- **Activity**: Everything in the listing below should be repeated exactly.
▬▬▬▬▬▬
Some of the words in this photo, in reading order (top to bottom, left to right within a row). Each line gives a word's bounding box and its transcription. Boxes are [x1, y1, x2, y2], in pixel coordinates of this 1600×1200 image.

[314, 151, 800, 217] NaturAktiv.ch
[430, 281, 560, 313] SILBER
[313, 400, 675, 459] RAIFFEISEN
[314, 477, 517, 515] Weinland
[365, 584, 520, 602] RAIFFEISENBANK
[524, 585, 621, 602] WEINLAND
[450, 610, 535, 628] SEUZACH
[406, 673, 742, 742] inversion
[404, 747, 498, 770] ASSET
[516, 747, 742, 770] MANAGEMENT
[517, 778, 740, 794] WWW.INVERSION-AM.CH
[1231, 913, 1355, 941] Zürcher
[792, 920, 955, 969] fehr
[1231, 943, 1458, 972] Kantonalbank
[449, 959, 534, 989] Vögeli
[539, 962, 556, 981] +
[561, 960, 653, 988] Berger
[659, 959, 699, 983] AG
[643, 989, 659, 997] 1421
▬▬▬▬▬▬
- **Exercise answer**:
Some of the words in this photo, in reading order (top to bottom, left to right within a row). Each line gives a word's bounding box and its transcription. Boxes are [x1, y1, x2, y2], in pixel coordinates of this 1600×1200 image.

[314, 151, 800, 217] NaturAktiv.ch
[430, 281, 560, 313] SILBER
[313, 400, 675, 459] RAIFFEISEN
[314, 477, 517, 515] Weinland
[365, 584, 520, 602] RAIFFEISENBANK
[524, 585, 621, 602] WEINLAND
[450, 610, 535, 628] SEUZACH
[406, 673, 742, 742] inversion
[404, 747, 498, 770] ASSET
[516, 747, 742, 770] MANAGEMENT
[517, 778, 740, 794] WWW.INVERSION-AM.CH
[1231, 913, 1355, 941] Zürcher
[792, 920, 955, 969] fehr
[1231, 943, 1458, 972] Kantonalbank
[449, 959, 534, 989] Vögeli
[539, 962, 556, 981] +
[561, 960, 653, 988] Berger
[659, 959, 699, 983] AG
[643, 989, 659, 997] 1421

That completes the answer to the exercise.